Binding Stoichiometry of the Polymerases--
Stoichiometric
titrations of each of the polymerases versus DNA were
performed using fluorescence anisotropy, and the results are shown in
Fig. 2 for Taq polymerase.
Polymerases were titrated into ROX-labeled DNA at high concentrations
of DNA ([DNA] Kd). The anisotropy of the DNA
increases as protein binds due to the decreasing rate of molecular
rotation of the DNA in the complex. The stoichiometry of binding was
determined by fitting the data to Equation 1 as described under
"Experimental Procedures." The ratio of bound protein to DNA at
saturation is 0.97 for Taq, 1.04 for Klentaq, and 0.82-0.95
for Klenow binding to the 13/20-mer primer-template pair.
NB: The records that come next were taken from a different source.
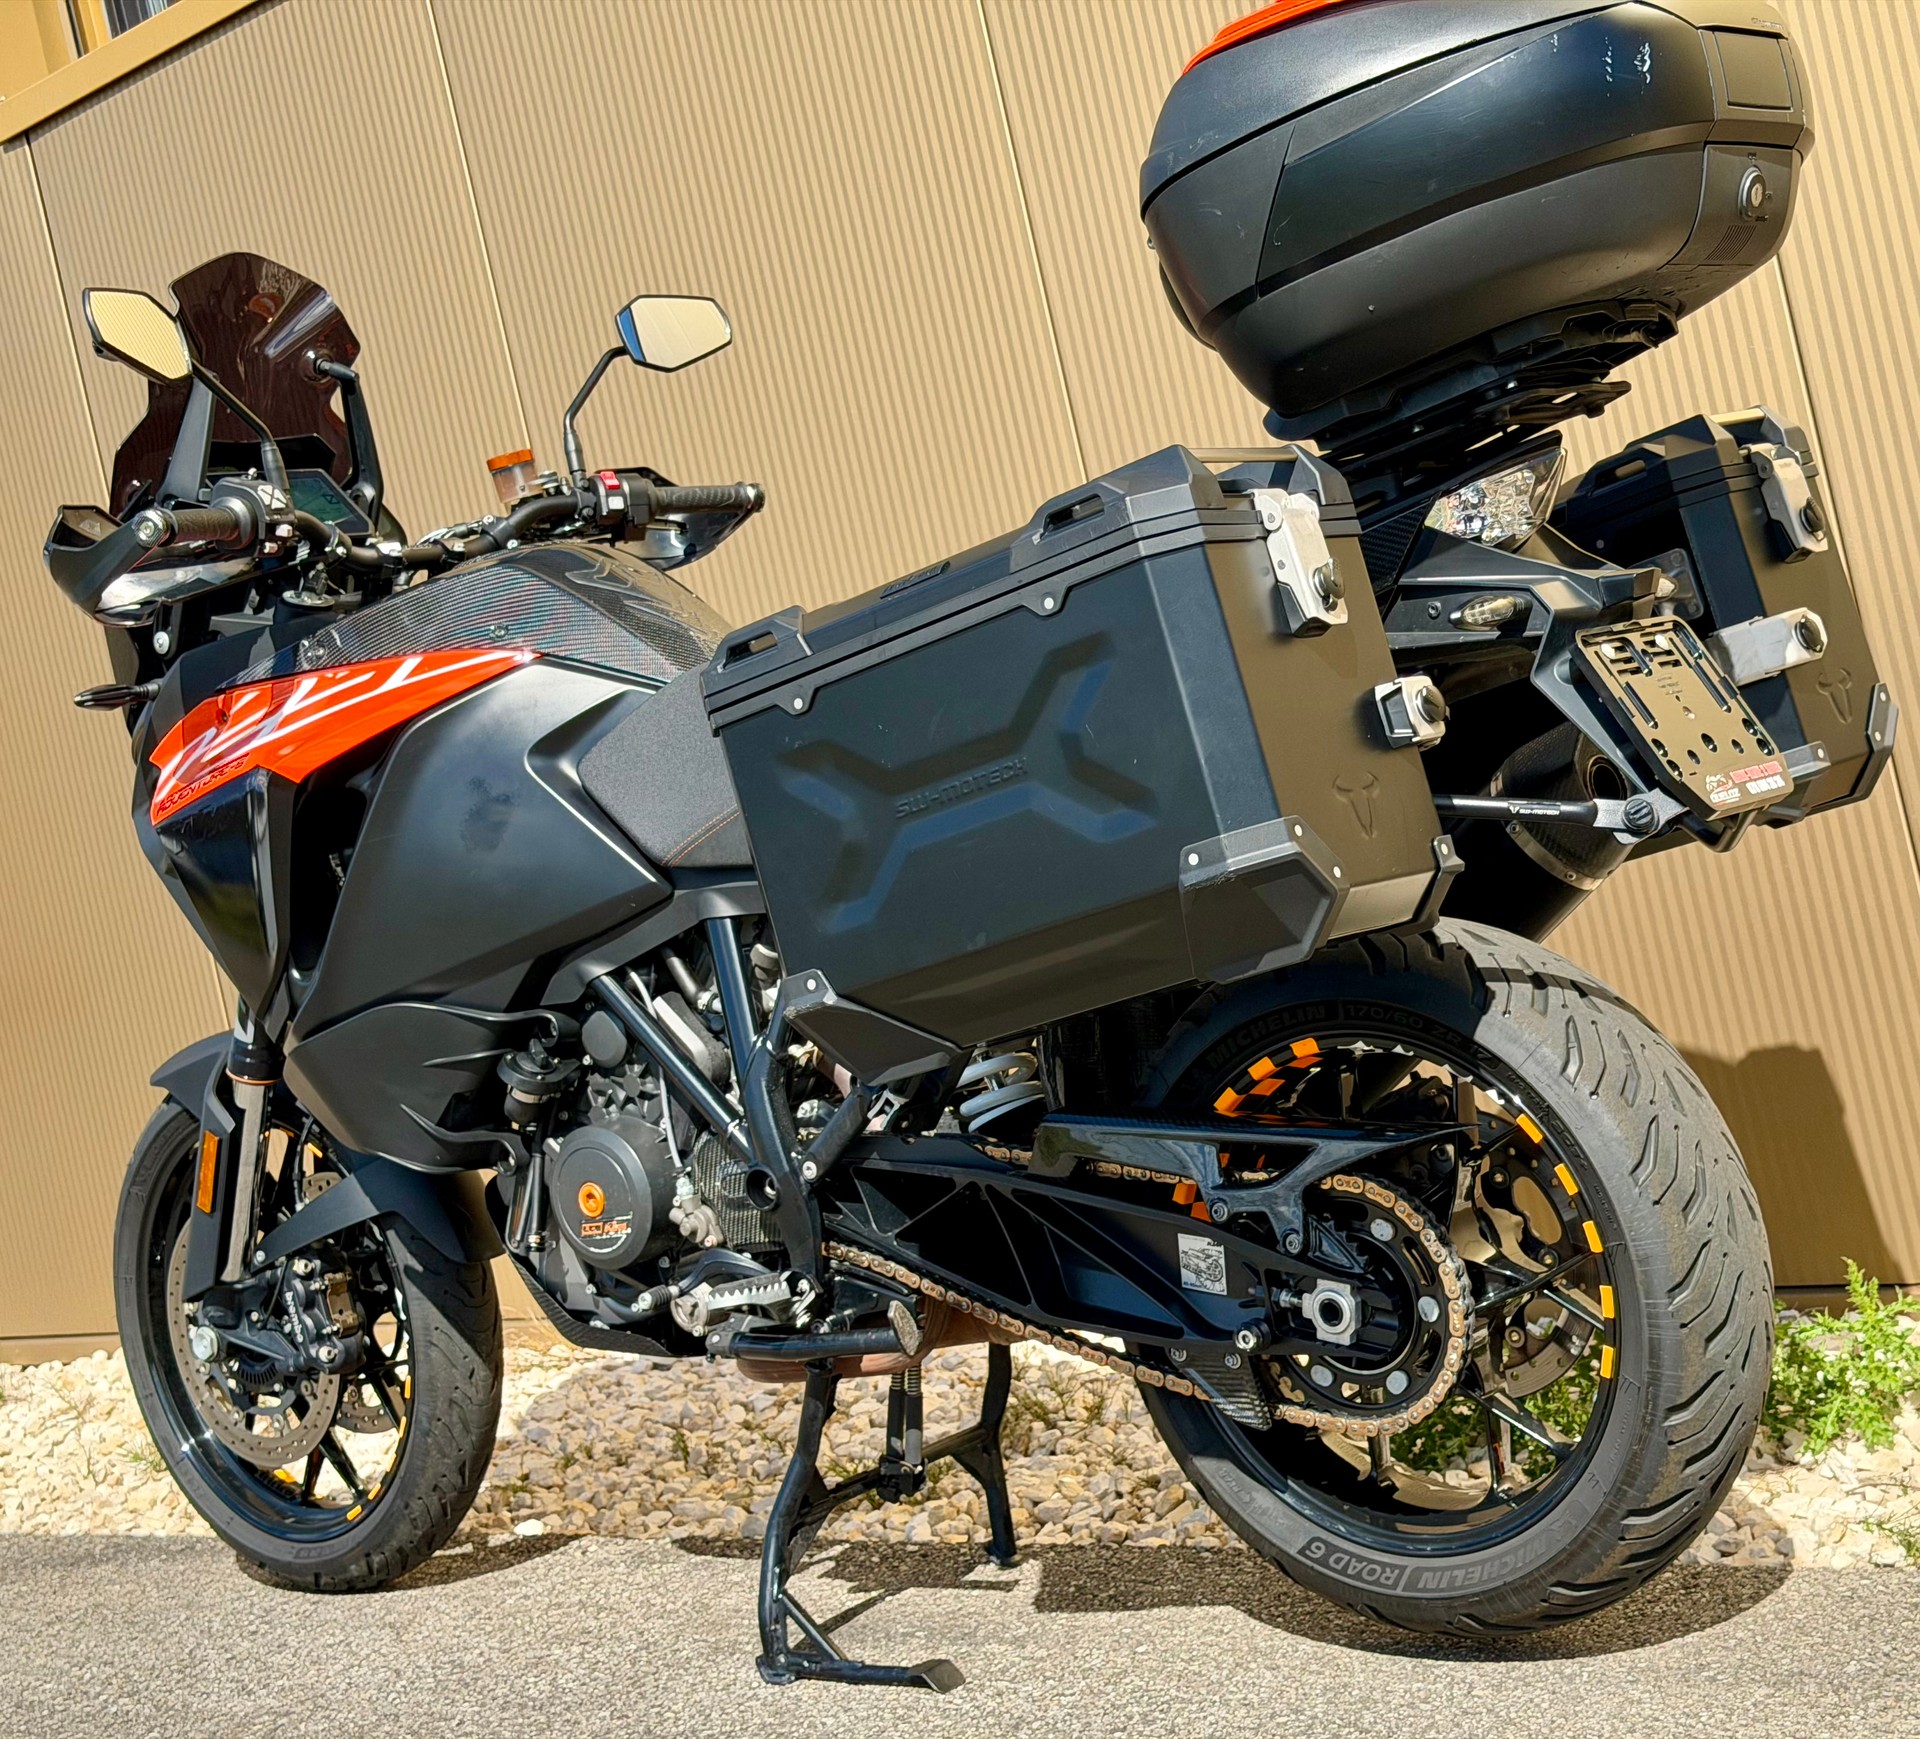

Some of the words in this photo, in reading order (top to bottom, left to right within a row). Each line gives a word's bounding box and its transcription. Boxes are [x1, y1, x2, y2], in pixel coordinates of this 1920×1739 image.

[1207, 1004, 1327, 1068] MICHELIN
[285, 1291, 304, 1343] brembo
[1305, 1541, 1327, 1560] 6
[1328, 1551, 1401, 1587] ROAD
[1417, 1531, 1553, 1590] MICHELIN
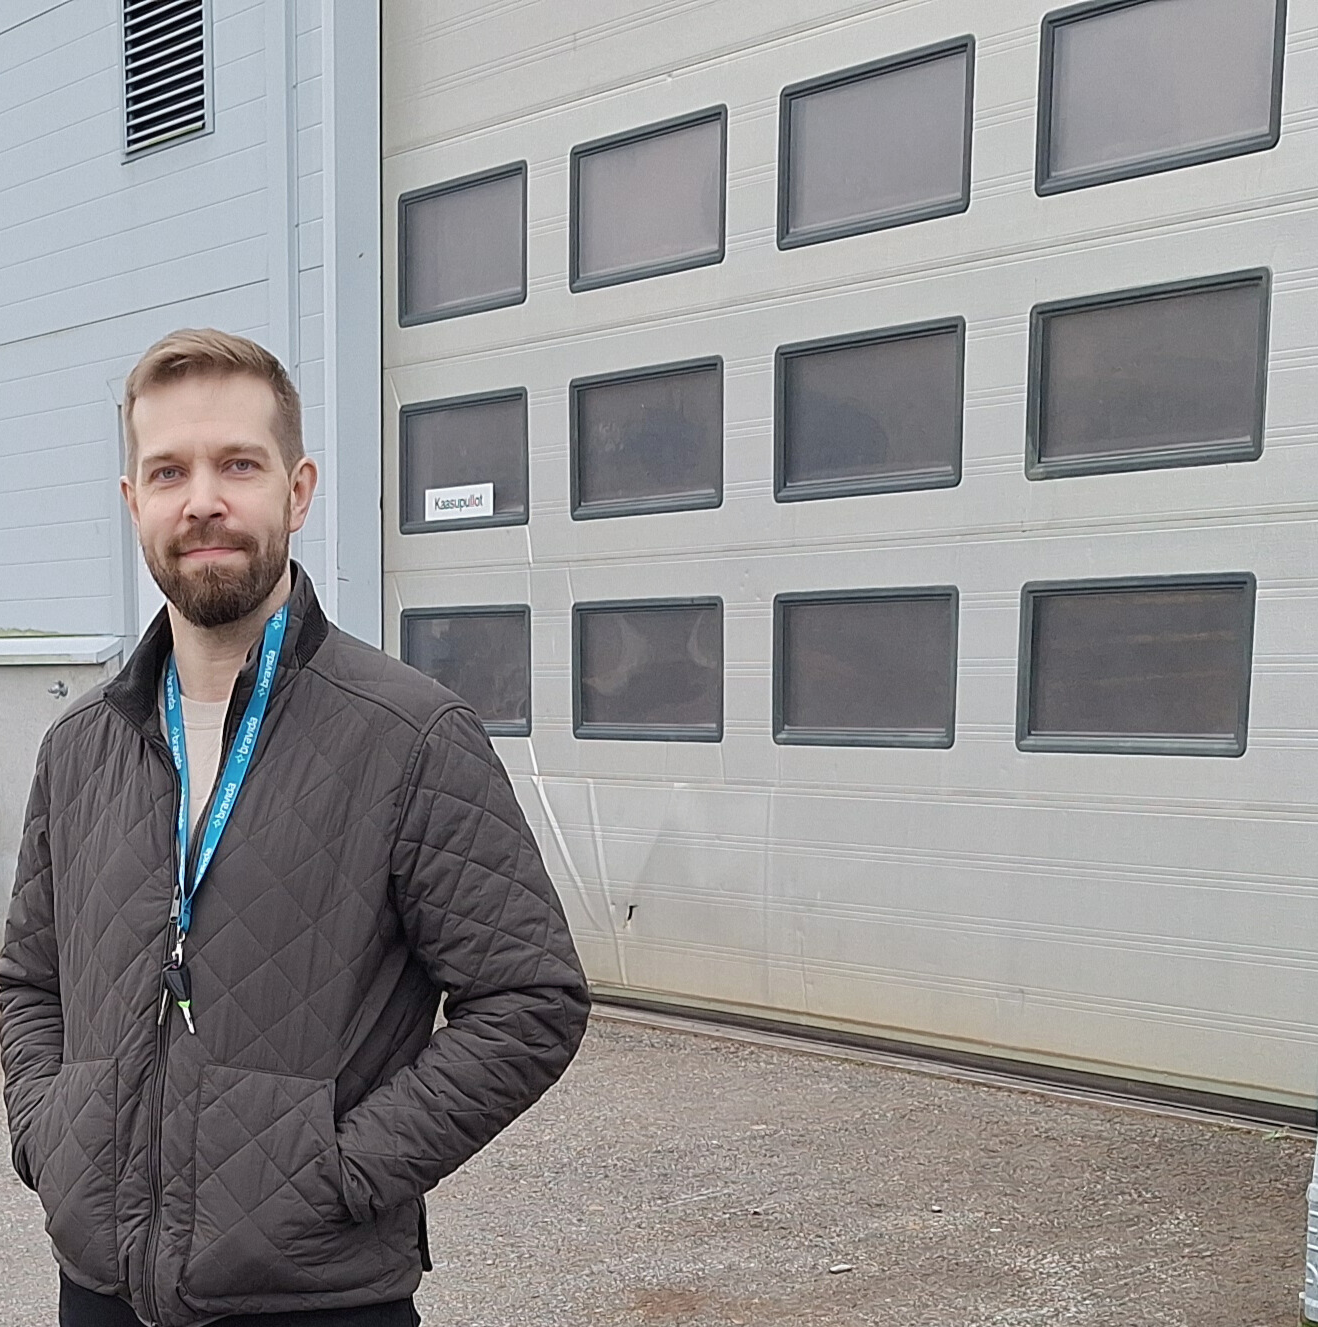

The binding
stoichiometry to the longer 63/70-mer primer-template pair was 1.1 for
Taq and 1.15 for Klentaq. As a control, it was determined
whether unlabeled DNA could effectively compete with fluorescently
labeled DNA for binding to the polymerase. The second curve in the
stoichiometric titration plots of Fig. 2 shows a stoichiometric
titration of protein versus double the amount of DNA, where
half the DNA is ROX-labeled, and half is not. Only the fluorescently
labeled DNA is anisotropically visible, so the displacement and
apparent doubling of the stoichiometric value for this second curve
indicates approximately equally effective binding of both the labeled
and unlabeled DNA to the polymerases. Unlabeled DNA effectively
competed with ROX-labeled DNA binding to all three polymerases. It
should be noted that DNA labeled with fluorescein, which was examined
first, is not effectively competed by unlabeled DNA for binding (data
not shown), underscoring the importance of the unlabeled competitive
control.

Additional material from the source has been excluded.